Former SEC Chairman Arthur Levitt: Ban SIVs, Use Mark-To-Market Accounting, & Force Bank Bondholders To Take Losses

Several caveats to Levitt's otherwise headline-positive testimony this morning before the House: currently, he is a well-paid consultant to the Carlyle Group and to Goldman Sachs; he doesn't believe in limiting the size of financial institutions (see below); and during his tenure at the SEC, he did nothing to further the safety and transparency of markets, unless you consider granting Enron the off-balance flexibility to blow itself to smithereens to have been a positive experience.

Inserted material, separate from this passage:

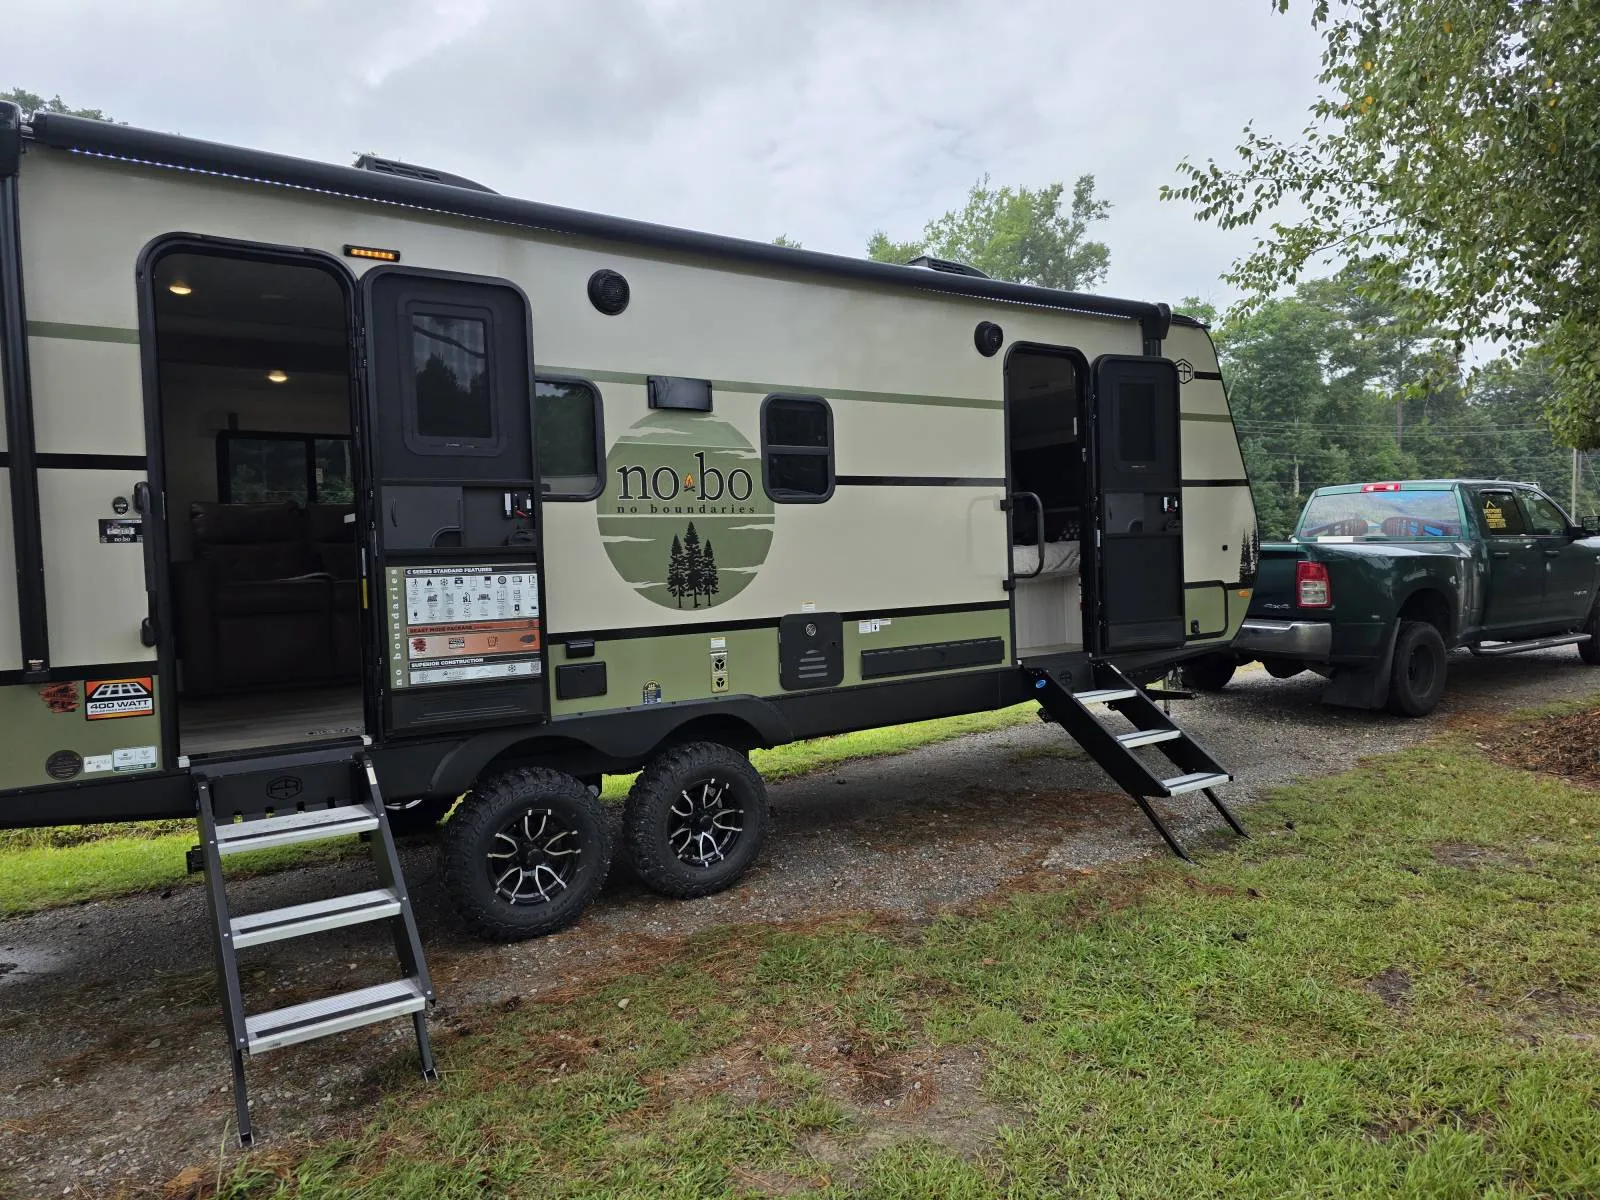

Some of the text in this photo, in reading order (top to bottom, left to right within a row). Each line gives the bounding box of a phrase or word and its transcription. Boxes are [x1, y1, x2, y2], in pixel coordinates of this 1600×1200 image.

  • I would like to suggest that the more critical question is whether any regulator or groups of regulators can have the same impact as well as a resolution authority created explicitly to impose discipline on those with the most power to influence the level of risk taking: the holders of both equity and debt of the institutions which may be too big to fail.
  • And so in my view the discussion over the proper authority to oversee and regulate systemic risk, while critical, is secondary to the powers given to a resolution authority to impose discipline through the process of sending these institutions to their demise and thus severely impacting holders of the debt and equity.
  • Clearly, a series of other rules - banning the use of off-balance sheet vehicles, to name just one - would move information about major institutions into the public sphere, making it possible for market participants to price risk appropriately and for a systemic risk regulator to demand fresh infusions of liquidity or higher margin requirements if needed.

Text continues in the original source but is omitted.